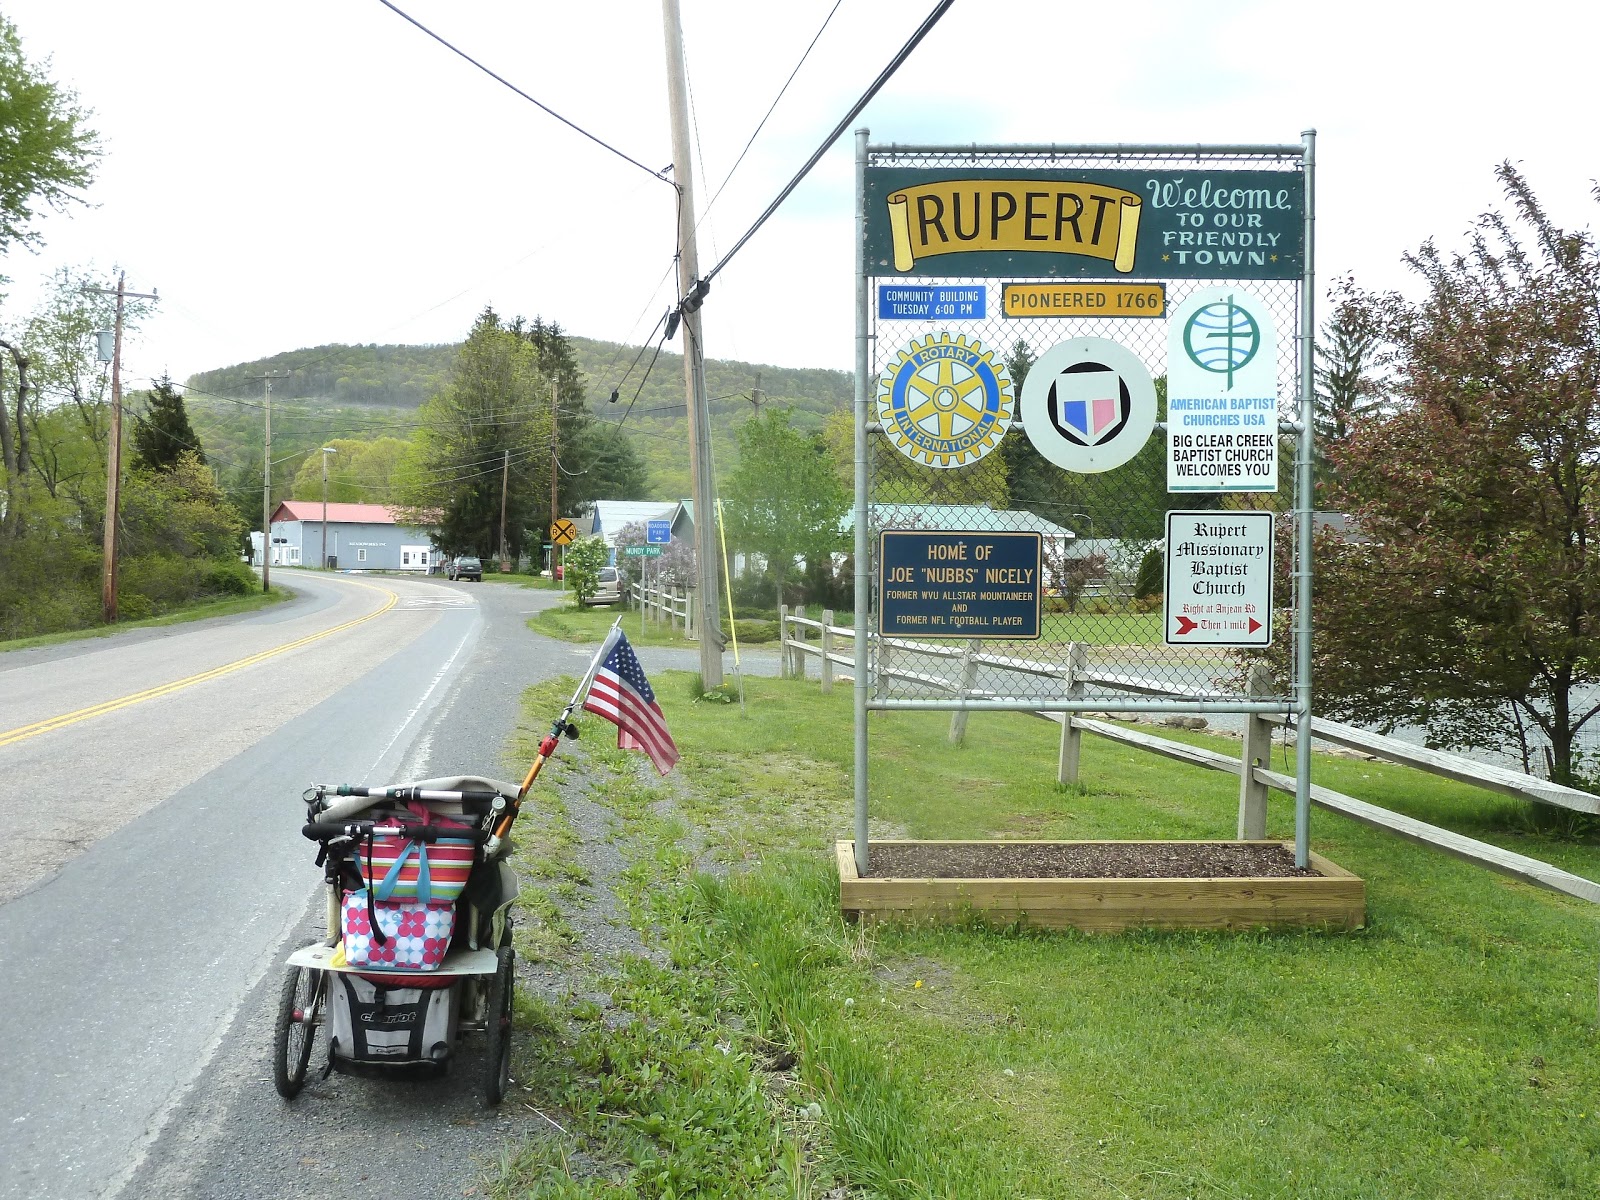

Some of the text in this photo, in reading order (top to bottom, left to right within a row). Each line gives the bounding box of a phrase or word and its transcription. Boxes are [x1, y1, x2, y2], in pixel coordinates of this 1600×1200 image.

[1146, 177, 1292, 210] Welcome
[917, 191, 1117, 247] RUPERT
[1176, 213, 1264, 228] TO OUR
[1162, 231, 1281, 247] FRIENDLY
[1173, 250, 1266, 266] TOWN
[886, 291, 979, 302] COMMUNITY BUILDING
[1010, 293, 1158, 308] PIONEERED 1766
[893, 303, 972, 315] TUESDAY 6:00 PM
[919, 346, 974, 362] ROTARY
[1170, 398, 1275, 411] AMERICAN BAPTIST
[1183, 414, 1266, 426] CHURCHES USA
[898, 415, 993, 452] INTERNATIONAL
[1173, 434, 1274, 447] BIG CLEAR CREEK
[1173, 449, 1273, 461] BAPTIST CHURCH
[1176, 463, 1270, 476] WELCOMES YOU
[1193, 522, 1247, 539] Rupert
[625, 547, 661, 555] MUNDY PARK
[928, 545, 993, 561] HOME OF
[1175, 541, 1264, 559] Missionary
[887, 567, 1033, 584] JOE "NUBBS" NICELY
[1190, 561, 1248, 578] Baptist
[887, 590, 1033, 601] FORMER WVU ALLSTAR MOUNTAINEER
[1192, 580, 1245, 596] Church
[952, 604, 968, 612] AND
[1182, 603, 1256, 615] Right at Anjean Rd
[896, 615, 1023, 626] FORMER NFL FOOTBALL PLAYER
[1201, 620, 1221, 631] Then
[1230, 620, 1247, 630] mile
+--
**Task objective**.
Your response should reproduce the entire listing verbatim, minus the pictures.

**Response to the exercise**.
Some of the text in this photo, in reading order (top to bottom, left to right within a row). Each line gives the bounding box of a phrase or word and its transcription. Boxes are [x1, y1, x2, y2], in pixel coordinates of this 1600×1200 image.

[1146, 177, 1292, 210] Welcome
[917, 191, 1117, 247] RUPERT
[1176, 213, 1264, 228] TO OUR
[1162, 231, 1281, 247] FRIENDLY
[1173, 250, 1266, 266] TOWN
[886, 291, 979, 302] COMMUNITY BUILDING
[1010, 293, 1158, 308] PIONEERED 1766
[893, 303, 972, 315] TUESDAY 6:00 PM
[919, 346, 974, 362] ROTARY
[1170, 398, 1275, 411] AMERICAN BAPTIST
[1183, 414, 1266, 426] CHURCHES USA
[898, 415, 993, 452] INTERNATIONAL
[1173, 434, 1274, 447] BIG CLEAR CREEK
[1173, 449, 1273, 461] BAPTIST CHURCH
[1176, 463, 1270, 476] WELCOMES YOU
[1193, 522, 1247, 539] Rupert
[625, 547, 661, 555] MUNDY PARK
[928, 545, 993, 561] HOME OF
[1175, 541, 1264, 559] Missionary
[887, 567, 1033, 584] JOE "NUBBS" NICELY
[1190, 561, 1248, 578] Baptist
[887, 590, 1033, 601] FORMER WVU ALLSTAR MOUNTAINEER
[1192, 580, 1245, 596] Church
[952, 604, 968, 612] AND
[1182, 603, 1256, 615] Right at Anjean Rd
[896, 615, 1023, 626] FORMER NFL FOOTBALL PLAYER
[1201, 620, 1221, 631] Then
[1230, 620, 1247, 630] mile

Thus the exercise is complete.